_WORK TASK_
Restate the listing below word for word; no pictures belong in the copy.

################

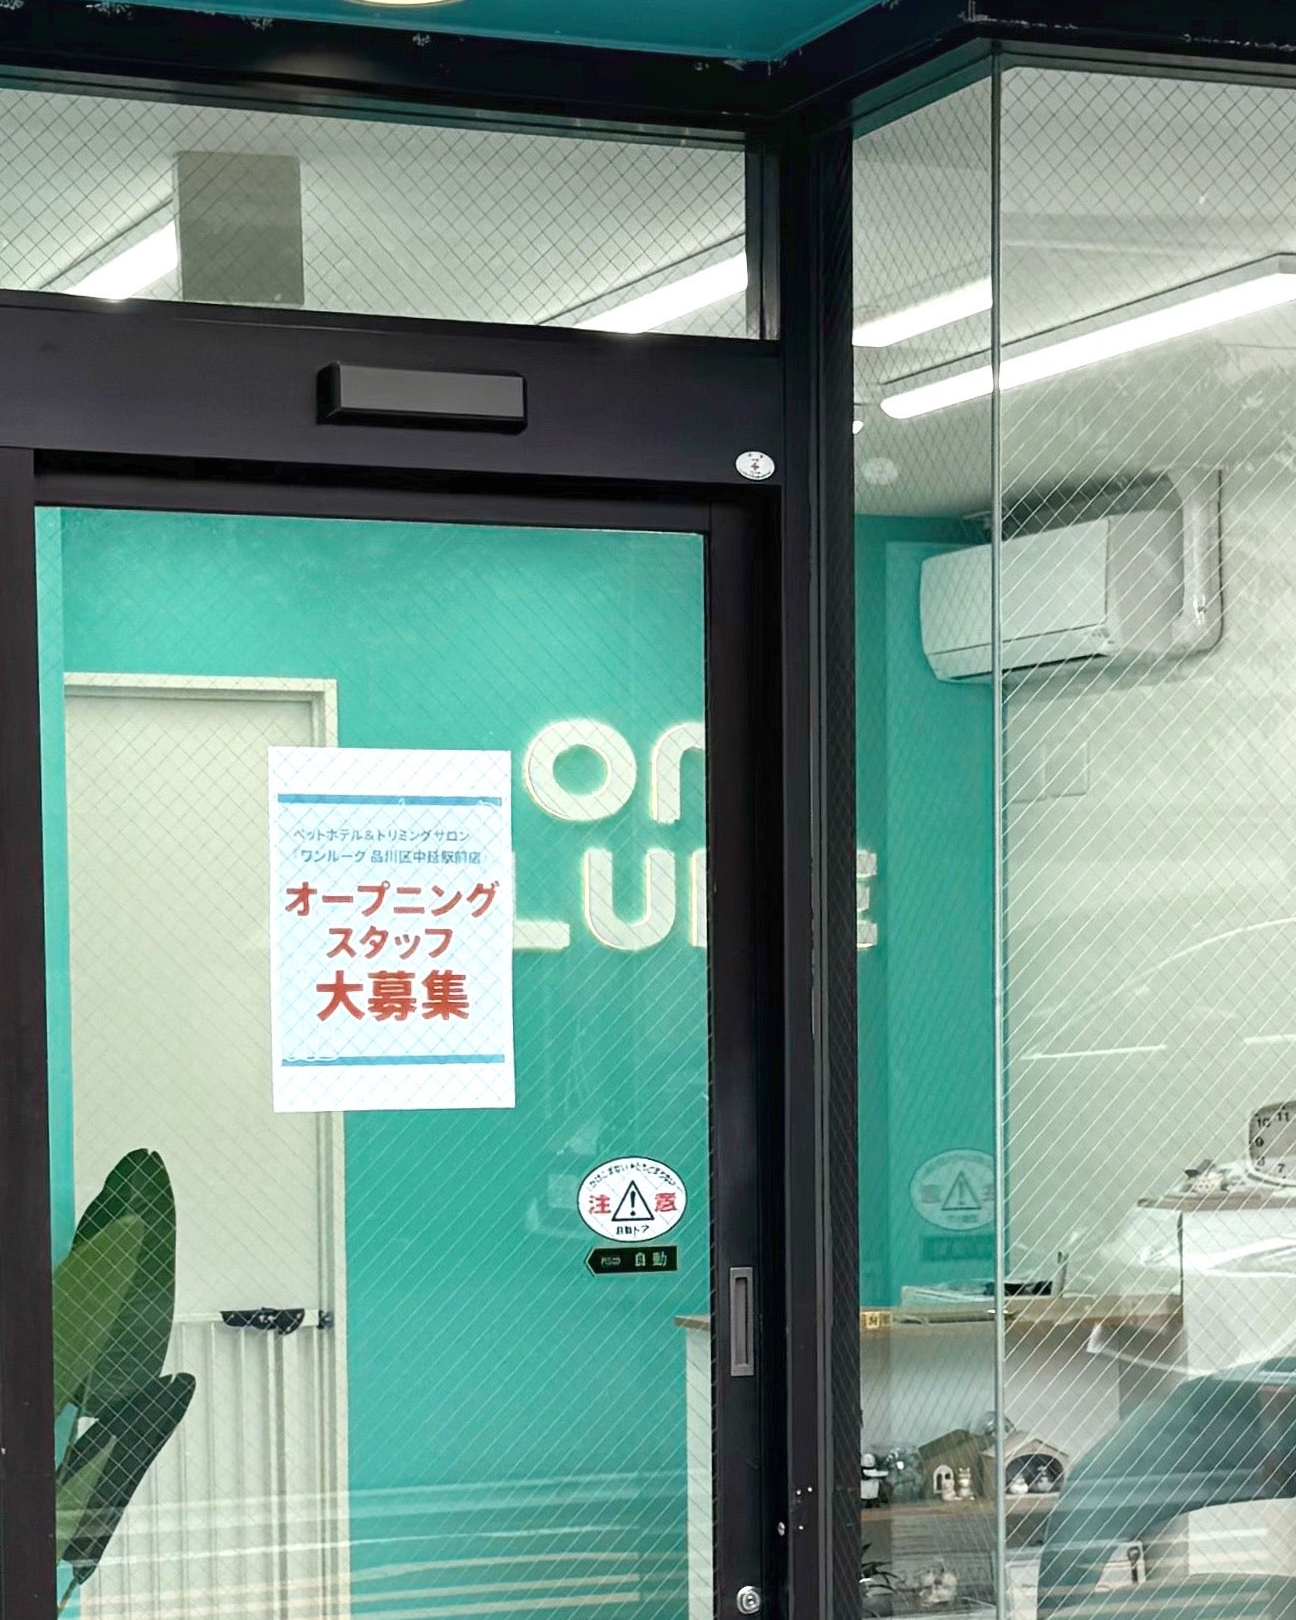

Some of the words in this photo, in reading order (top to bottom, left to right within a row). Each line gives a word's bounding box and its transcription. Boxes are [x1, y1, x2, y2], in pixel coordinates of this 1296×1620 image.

[285, 880, 500, 918] オープニング
[326, 925, 453, 960] スタッフ
[316, 970, 470, 1021] 大募集
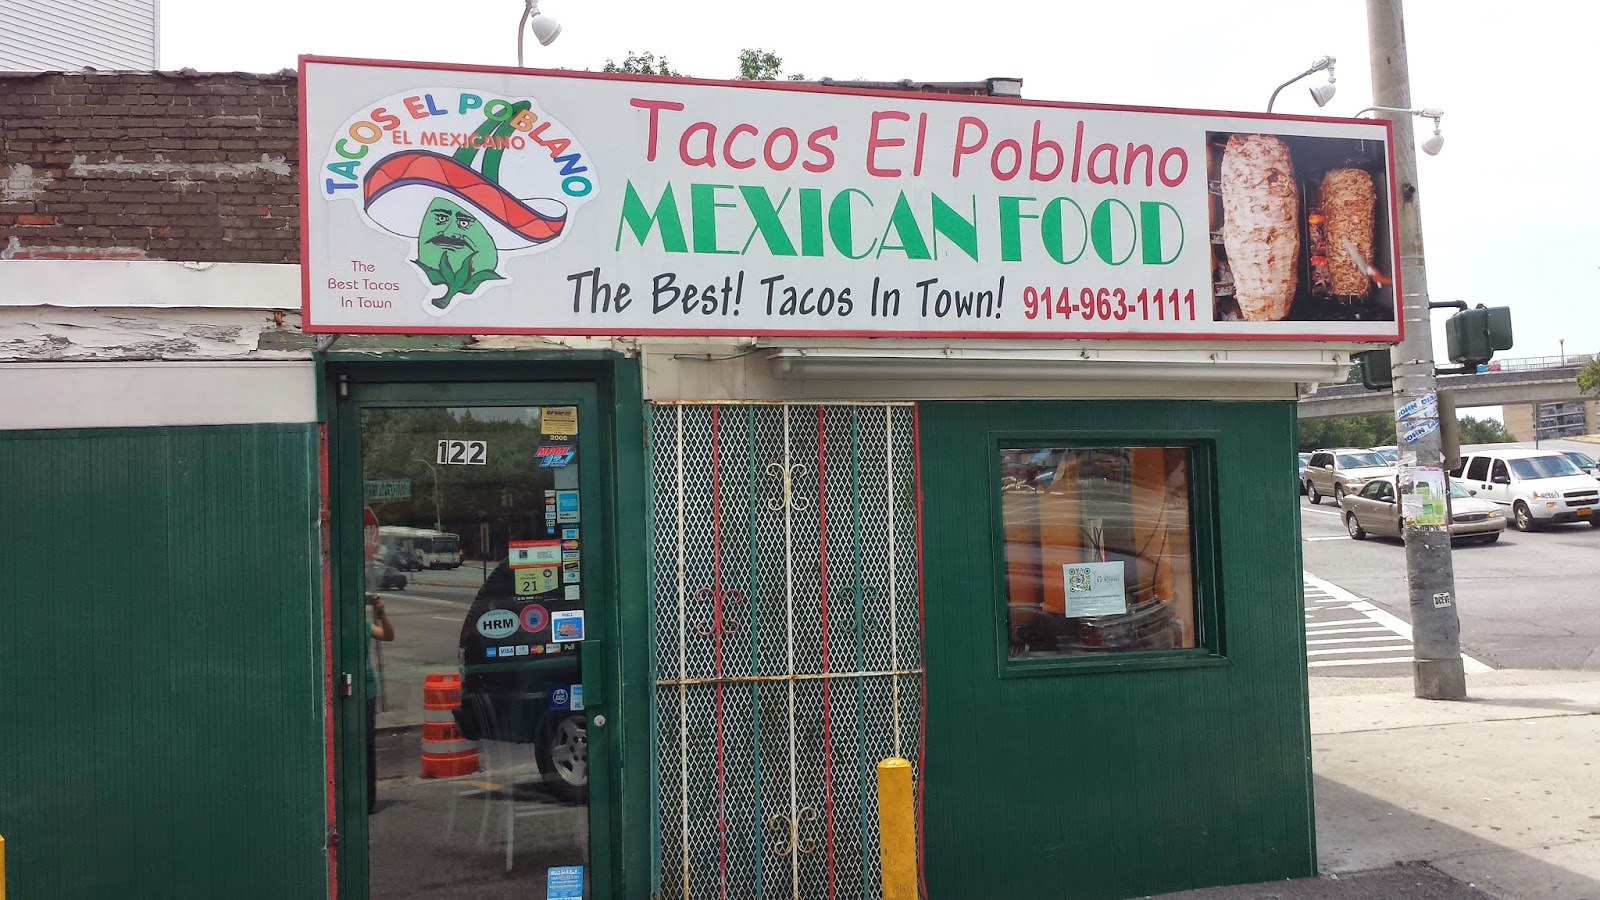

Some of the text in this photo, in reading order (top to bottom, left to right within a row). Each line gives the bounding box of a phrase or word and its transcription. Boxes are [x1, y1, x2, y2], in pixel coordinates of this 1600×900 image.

[326, 93, 592, 197] TACOS EL POBLANO
[392, 130, 526, 151] EL MEXICANO
[630, 98, 1188, 187] Tacos El Poblano
[616, 179, 1184, 266] MEXICAN FOOD
[351, 260, 375, 272] The
[328, 278, 400, 291] Best Tacos
[567, 266, 1005, 320] The Best! Tacos In Town!
[341, 297, 392, 309] In Town
[1023, 286, 1196, 321] 914-963-1111
[439, 441, 485, 463] 122
[523, 581, 537, 592] 21
[483, 618, 513, 630] HRM

################

_RESPONSE_
Some of the words in this photo, in reading order (top to bottom, left to right within a row). Each line gives a word's bounding box and its transcription. Boxes are [x1, y1, x2, y2], in pixel coordinates of this 1296×1620 image.

[285, 880, 500, 918] オープニング
[326, 925, 453, 960] スタッフ
[316, 970, 470, 1021] 大募集

Some of the text in this photo, in reading order (top to bottom, left to right within a row). Each line gives the bounding box of a phrase or word and its transcription. Boxes are [x1, y1, x2, y2], in pixel coordinates of this 1600×900 image.

[326, 93, 592, 197] TACOS EL POBLANO
[392, 130, 526, 151] EL MEXICANO
[630, 98, 1188, 187] Tacos El Poblano
[616, 179, 1184, 266] MEXICAN FOOD
[351, 260, 375, 272] The
[328, 278, 400, 291] Best Tacos
[567, 266, 1005, 320] The Best! Tacos In Town!
[341, 297, 392, 309] In Town
[1023, 286, 1196, 321] 914-963-1111
[439, 441, 485, 463] 122
[523, 581, 537, 592] 21
[483, 618, 513, 630] HRM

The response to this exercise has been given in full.